Appeals from order of Court of Common Pleas of Philadelphia County, April T., 1968, No. 2206, in case of Merchants Mutual Insurance Company v. American Arbitration Association et al.


Joseph J. Zapitz, with him Curtin and Heefner, for appellants.

Langdon W. Harris, III, with him Harris, Hammond & Harris, for appellee.

Bell, C. J., Jones, Cohen, Eagen, O'Brien and Roberts, JJ. Opinion by Mr. Justice Cohen. Mr. Justice Jones dissents.

Author: Cohen

[ 433 Pa. Page 251]

This appeal evolved from an automobile collision in which the appellant Mrs. Di Umberto was struck by one who subsequently became an uninsured motorist. Appellants made a demand upon the appellee, Merchants Mutual Insurance Company, with whom appellants carried a collision insurance policy that included an Uninsured Motorists Clause, but were unable to secure satisfaction. They then filed a formal demand for arbitration with the American Arbitration Association pursuant to the provisions of the policy. After the demand for arbitration was served upon it, appellee filed a complaint in equity seeking a preliminary injunction restraining arbitration, relying upon the applicability of a two year statute of limitations. Appellee contended that the courts should decide the applicability of the statute of limitations while appellants, relying on Harleysville Mutual Insurance Company v. Medycki, 431 Pa. 67, 244 A.2d 655 (1968), and National Grange Mutual Insurance Company v. Kuhn, 428 Pa. 179, 236 A.2d 758 (1968), would have the arbitrator make that determination.

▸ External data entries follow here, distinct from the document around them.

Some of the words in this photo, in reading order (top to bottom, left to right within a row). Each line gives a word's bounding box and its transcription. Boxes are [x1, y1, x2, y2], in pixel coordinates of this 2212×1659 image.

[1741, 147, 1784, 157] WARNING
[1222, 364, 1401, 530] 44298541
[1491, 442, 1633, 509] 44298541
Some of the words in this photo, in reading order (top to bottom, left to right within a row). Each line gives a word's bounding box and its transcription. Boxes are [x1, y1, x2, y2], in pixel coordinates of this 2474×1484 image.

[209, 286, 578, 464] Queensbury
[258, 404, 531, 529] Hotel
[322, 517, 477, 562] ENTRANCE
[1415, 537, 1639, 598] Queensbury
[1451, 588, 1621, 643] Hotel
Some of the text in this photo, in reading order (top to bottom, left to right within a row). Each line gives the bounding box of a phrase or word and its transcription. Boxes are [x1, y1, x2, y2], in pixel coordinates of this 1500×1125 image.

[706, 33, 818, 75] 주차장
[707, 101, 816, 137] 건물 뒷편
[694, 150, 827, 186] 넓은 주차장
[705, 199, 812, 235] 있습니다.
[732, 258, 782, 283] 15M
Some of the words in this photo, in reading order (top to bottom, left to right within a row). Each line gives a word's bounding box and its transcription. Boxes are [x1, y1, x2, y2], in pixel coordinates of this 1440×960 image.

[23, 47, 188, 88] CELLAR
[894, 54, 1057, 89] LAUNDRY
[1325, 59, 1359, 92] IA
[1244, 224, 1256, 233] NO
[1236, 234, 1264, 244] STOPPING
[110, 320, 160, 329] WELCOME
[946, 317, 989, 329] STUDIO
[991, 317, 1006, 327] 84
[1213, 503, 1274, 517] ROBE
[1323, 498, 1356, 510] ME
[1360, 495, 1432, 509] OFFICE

The court below agreed with the appellee-insurance company's position and issued a preliminary injunction restraining arbitration. The insured appeals from this decree.

In the Kuhn case this Court interpreted the language of the arbitration clause to permit the arbitrator to determine whether the tortfeasor was uninsured, and in Medycki the arbitrator was permitted to decide whether claimant had fulfilled conditions precedent relating to proof of loss. In the instant case, we are required to determine whether the applicability of the

[ 433 Pa. Page 252]

    statute of limitations is to be adjudicated by the arbitrator or the courts. In the final paragraph of Judge O'Brien's opinion in Medycki it was clearly stated that the arbitrator decides all the issues which bear an uninsured motorists coverage: "Finally, appellant argues that the arbitrator should not be permitted to decide an issue which has bearing upon all of the coverages of the policy, and that the arbitration should not be permitted to proceed until all conditions precedent to an action against the company have been fulfilled. While it is true that the notification provision of the policy is applicable to all of its coverages, and while it is also true that the policy states that: 'No action shall lie against the company, unless, as a condition precedent thereto, there shall have been full compliance with all the terms of this policy . . .', it must be borne in mind that the arbitration provision applies only to the uninsured motorists coverage. It follows, therefore, that with respect to that coverage, a dispute involving proper notification or compliance with policy provisions is to be determined by arbitration and not judicially. The arbitrator, in short, can determine not only whether the insured has forfeited his coverage, but also whether he has complied with the conditions precedent to any right against the carrier."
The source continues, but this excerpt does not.